Through all of these years of our journey with Chance, there is one thing that always warms my heart. It is a blanket given to Chance by the Project Linus organization which makes and delivers blankets to sick kids in the hospital.
Chance was hospitalized at about 13 months because he dehydrated while being really sick for several days. This is the event that we feel caused Chance to go deaf. It was this illness that overtook his little body for about a week and made it so that he threw up everything including breast milk. The doctors had been telling me to just give him a tablespoon of water at a time to keep him going, but it did not work. He was throwing up even the tablespoon of liquid I gave him and finally, his little eyes had no tears left when he cried because I left the room. And he cried every time I left the room. He had thrown up on every outfit I had put on, and I was digging clothes out of the nether regions of my closet that I never wore. The cycle I had going was, I would get dressed, Chance would throw up, I would change my clothes, Chance would throw up on me etc. etc. etc.
I managed to get clothes into the washer and then to the dryer, but they were all stacked in a mountain of a pile in the hallway as I had no time to fold them. The entire time I was throwing clothes into the wash, Chance was sobbing so I did the bare minimum and then attended to my baby.
The hospital stay itself I remember quite well. I held Chance a lot and the nurses tried to get him to eat. He wouldn't even go for the popsicle he was offered which tells you the level of crisis he was in. Chance was given intravenous fluids which he did not like. At all. He kept trying to yank that tube out and we kept trying to ensure that it stayed in. By the end, it was double taped around his hand to the point that it was hard to see his little hand.
It was a rough time for Chance. He slept fitfully, and sometimes I could get him to sleep for little bits while laying on me in the chair by his bed.
I still vividly remember how small and vulnerable he looked laying in his hospital crib.
The nurses were great and at one point, one of them brought in bubbles and started blowing them into the room. Chance perked up a little at this and it let me see glimpses of my happy baby again.
Then someone brought in a blanket from Project Linus. At the time, it looked a little mature for a barely one year old. There were no little duckies, or toy trucks on it, but instead a boy playing soccer. That's right - soccer, with the words goal and soccer interspersed with jerseys and soccer balls.
At the time, it did not look like Chance at all. I was grateful for the blanket and Chance liked it, but it did not seem like a baby blanket.

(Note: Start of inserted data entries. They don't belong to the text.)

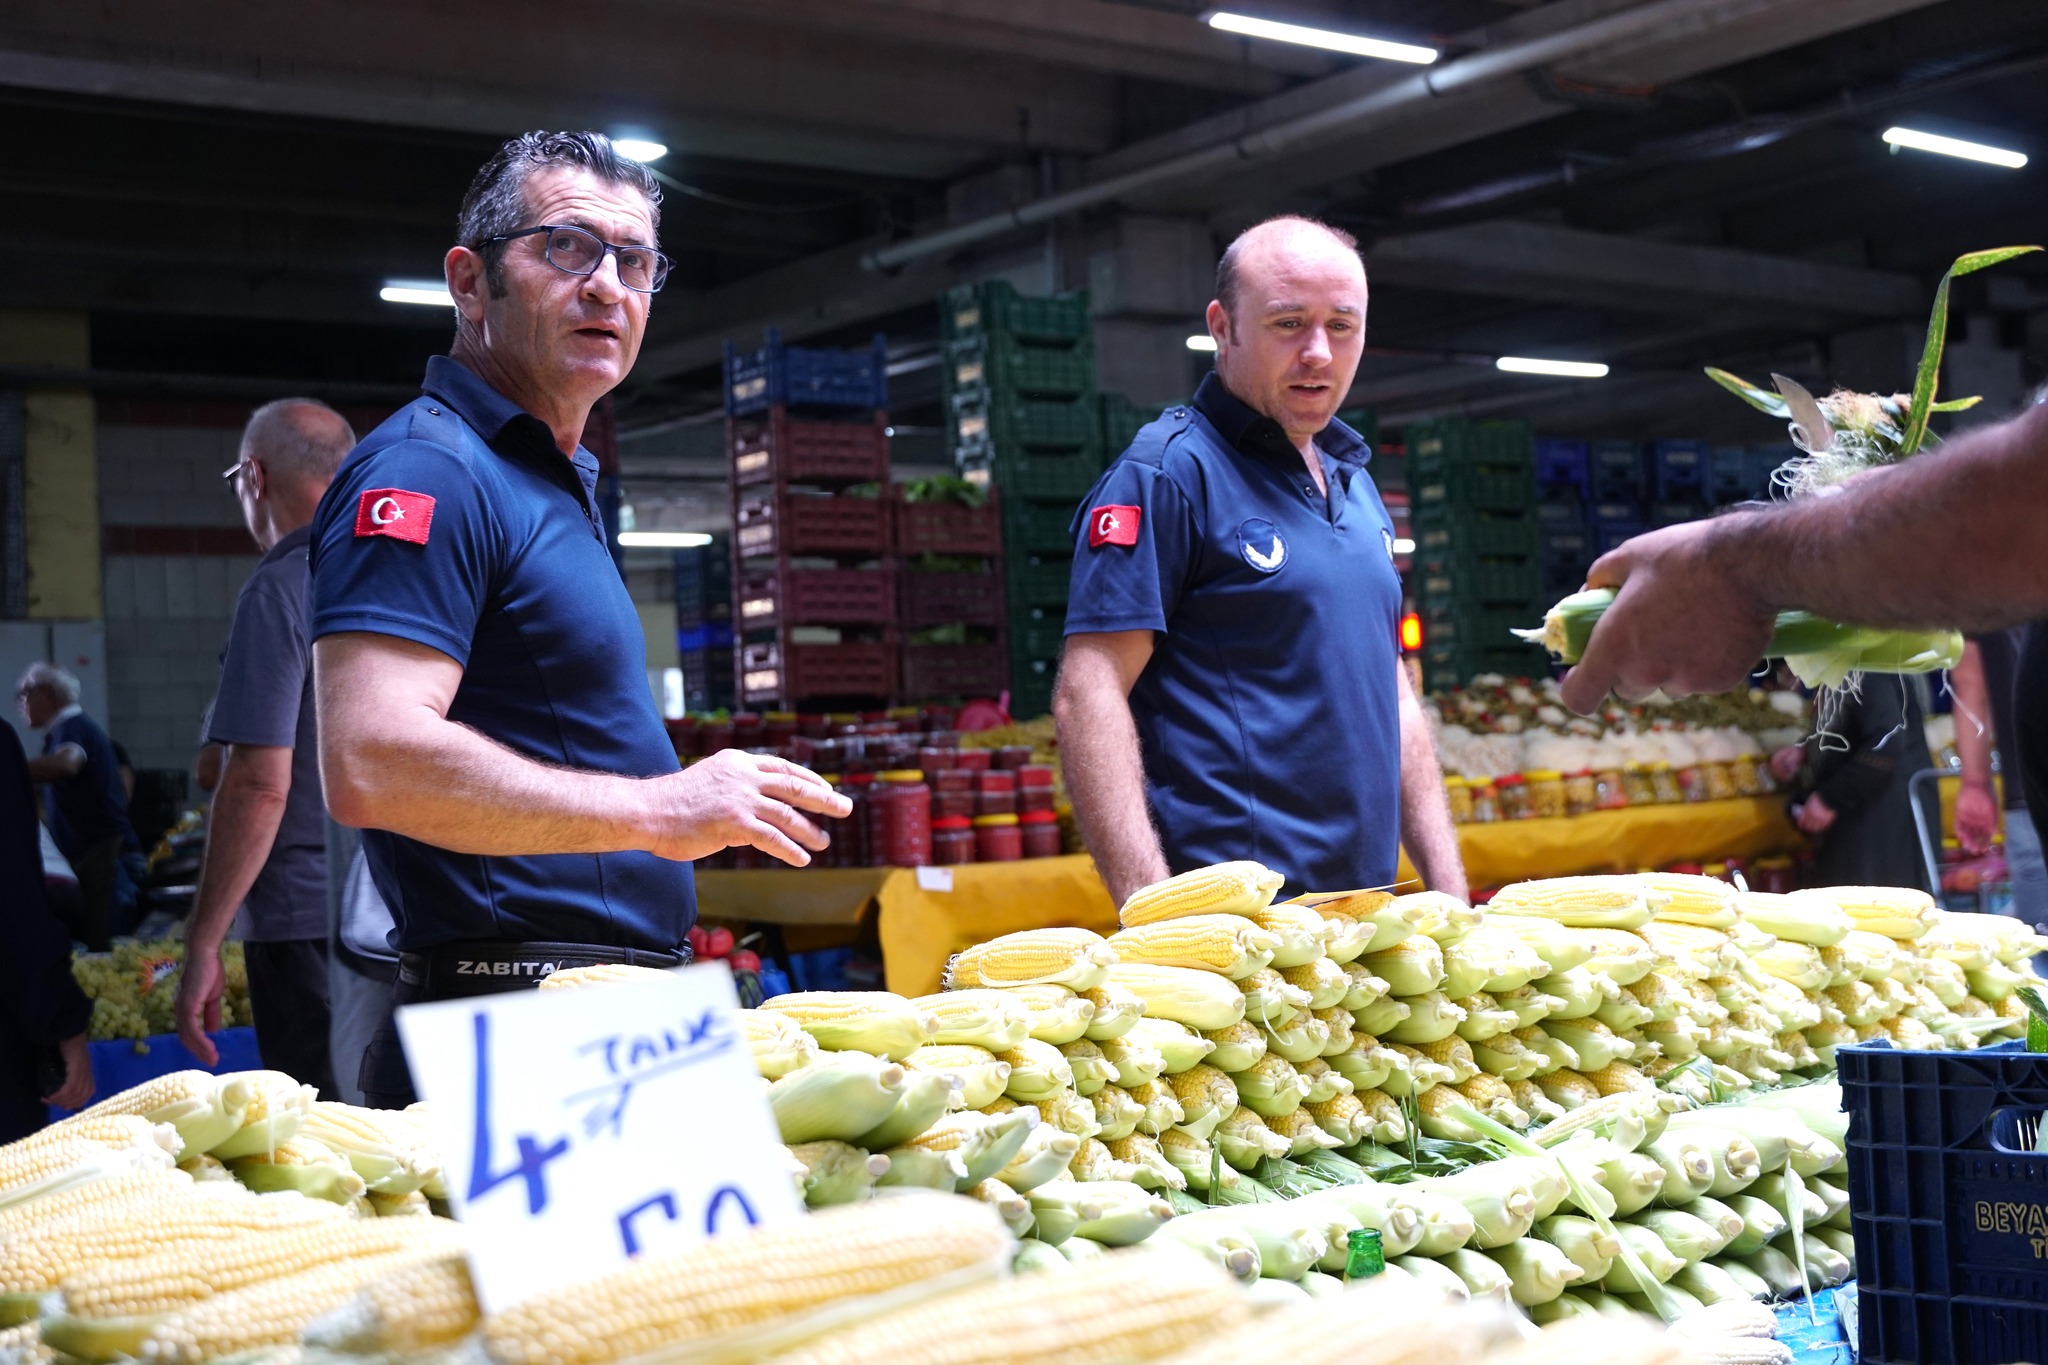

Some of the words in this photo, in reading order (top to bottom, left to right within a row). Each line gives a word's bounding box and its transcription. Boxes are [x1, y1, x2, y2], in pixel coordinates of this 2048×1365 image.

[457, 961, 557, 975] ZABITA
[466, 1011, 570, 1216] 4
[1975, 1201, 2048, 1236] BEYA
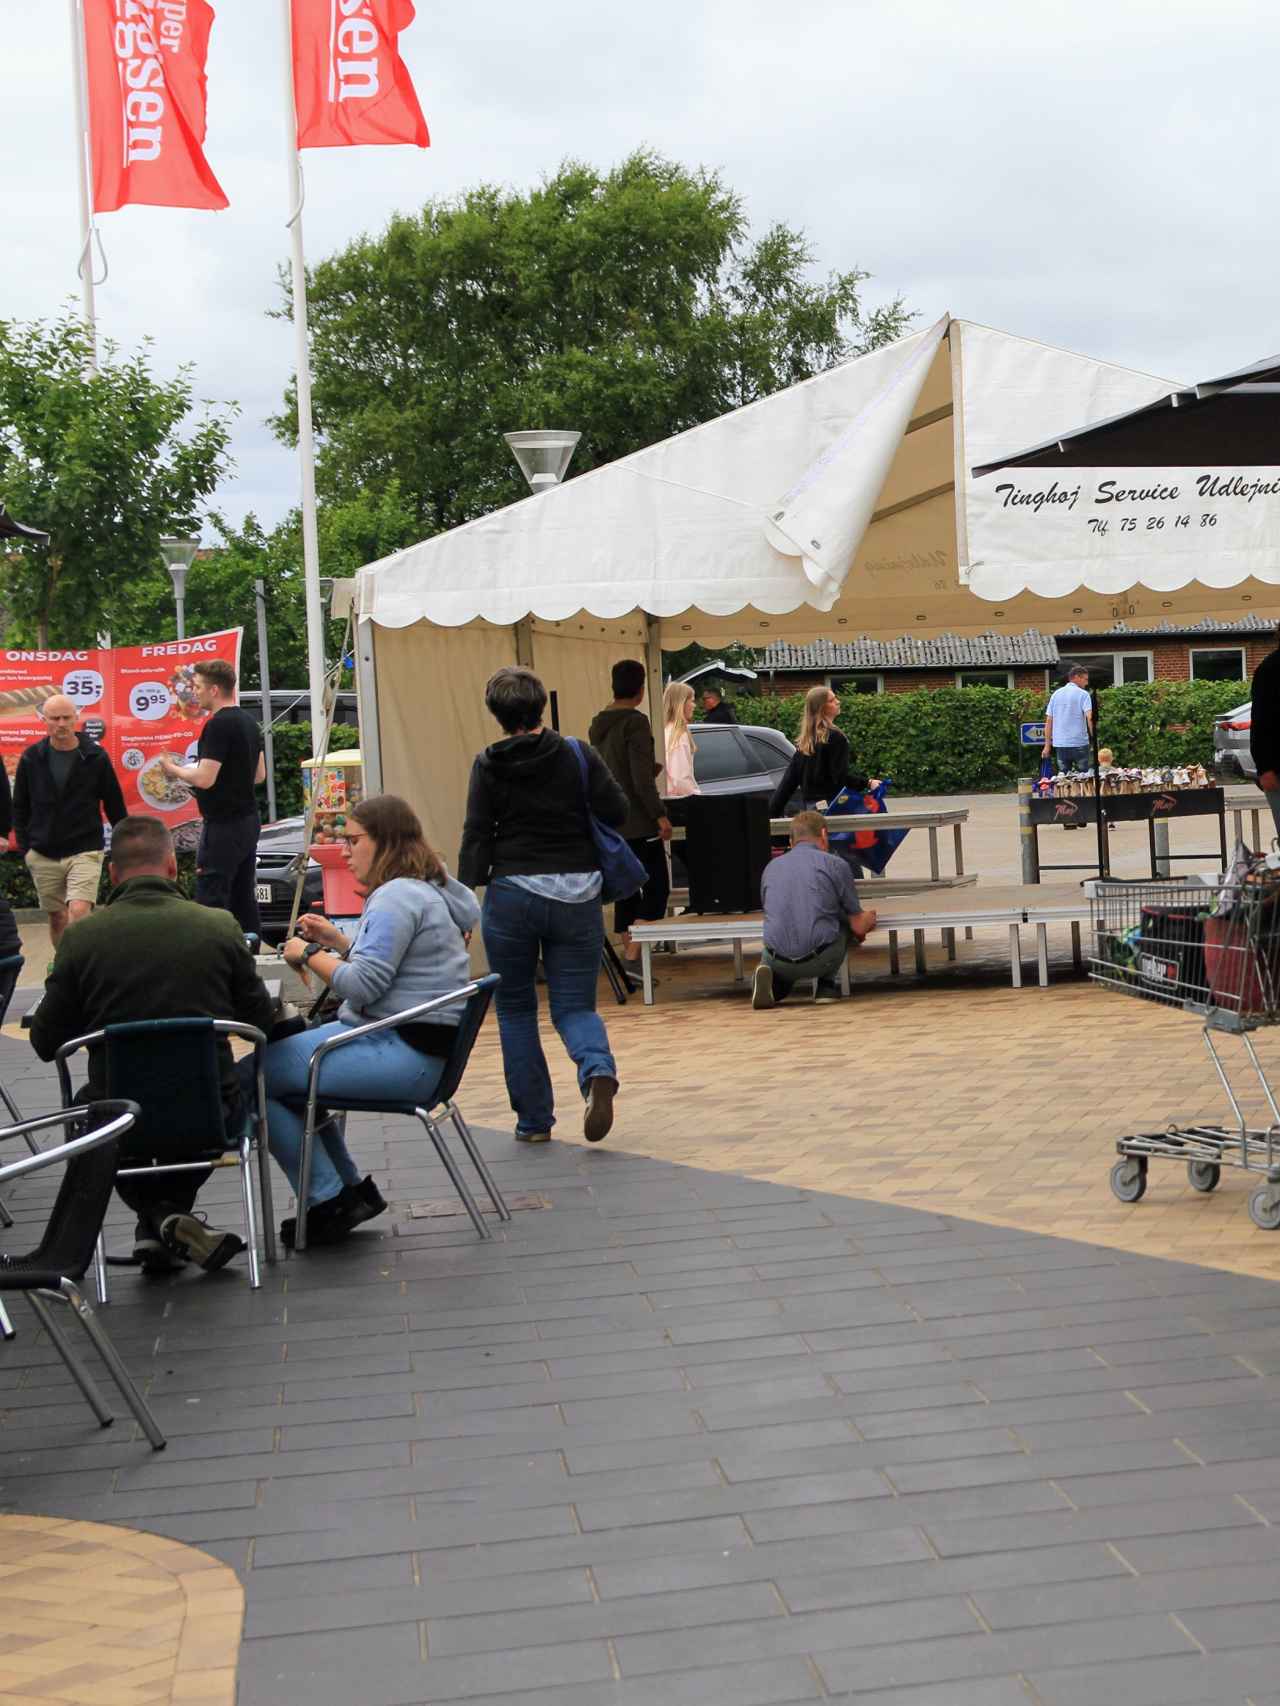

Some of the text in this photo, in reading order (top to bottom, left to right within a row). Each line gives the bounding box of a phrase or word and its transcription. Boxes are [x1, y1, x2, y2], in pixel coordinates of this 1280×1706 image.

[1095, 480, 1180, 504] Service
[1087, 519, 1109, 536] Tlf
[1121, 518, 1137, 531] 75
[1146, 516, 1164, 530] 26
[1199, 513, 1217, 527] 86
[6, 651, 89, 662] ONSDAG
[142, 640, 217, 657] FREDAG
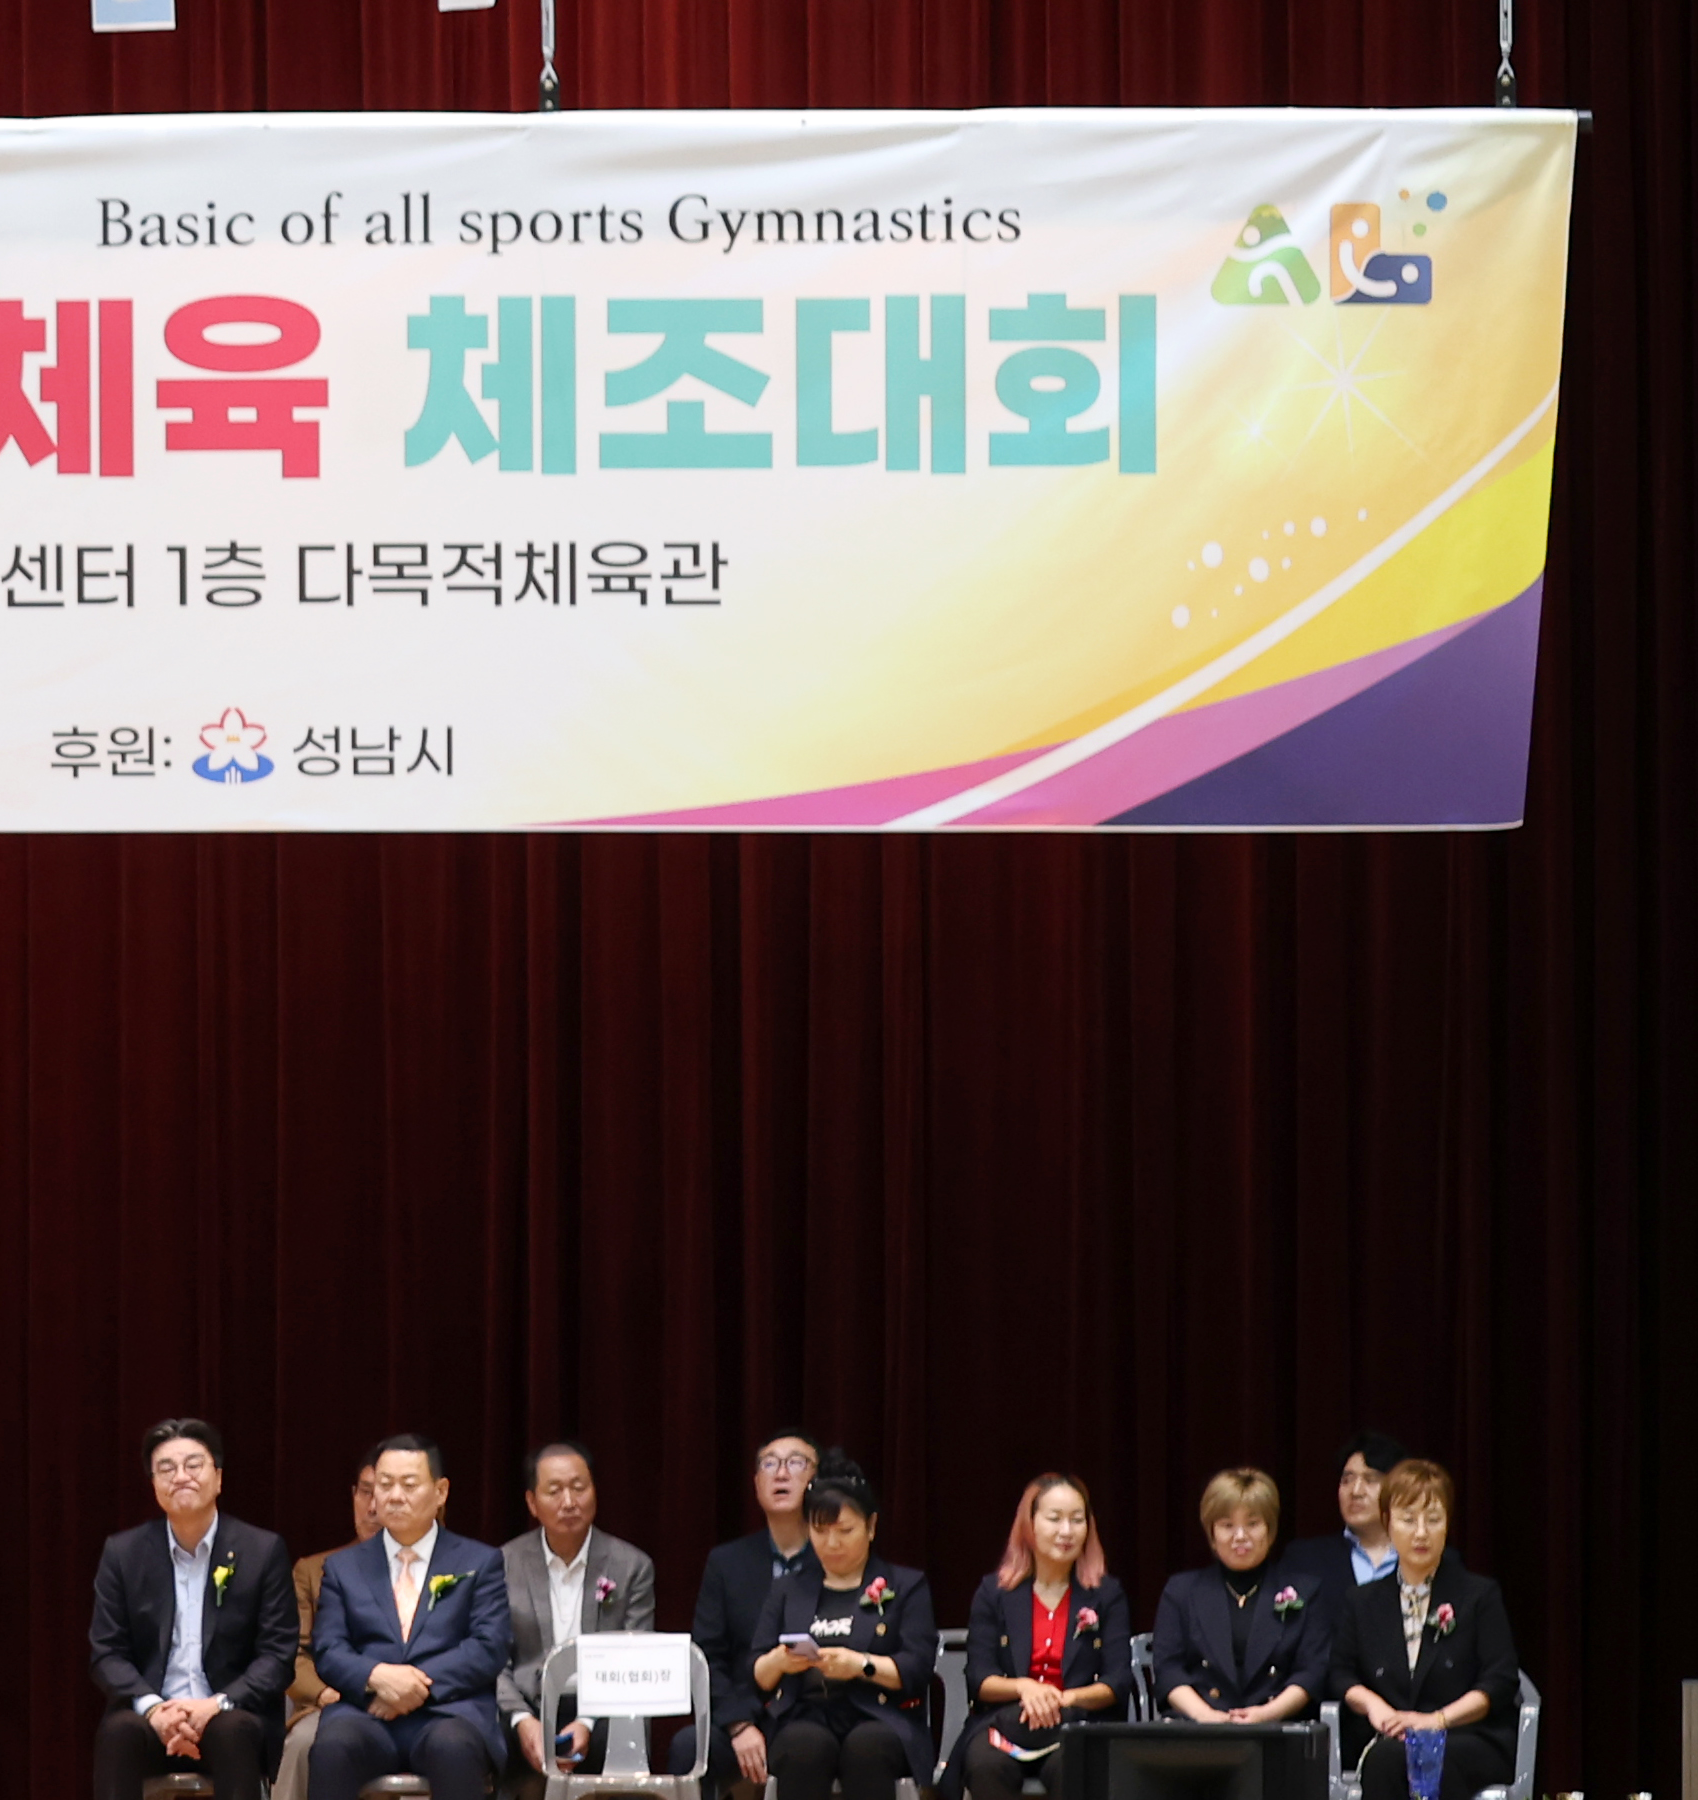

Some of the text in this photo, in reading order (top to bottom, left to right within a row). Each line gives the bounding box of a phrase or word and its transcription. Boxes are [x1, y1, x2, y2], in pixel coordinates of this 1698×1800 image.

But was it predestined to be Chance's blanket or what? Back when Chance was in the hospital, I could not even imagine my baby playing soccer. We had not found out he was deaf yet, but soccer has never been a sport that was on my radar screen. I personally did not even know the rules of soccer and in my family growing up, no one was interested in playing soccer.
Now that blanket totally looks like Chance. It was just the right blanket for my little Chancers.
My heart warms each time I see that blanket in the house. I don't think I ever pick it up or wash it without thinking about the wonderful people who made it and their labor of love in delivering their blankets to little children at sometimes painful and confusing times in their lives. And I love that it is a soccer blanket.
That blanket and Chance were predestined to be together. And the construction of the blanket is of such a high quality that it stills shows little wear and is still here to remind Chance that someone cared and gave him a blanket that foretold a small part of his future.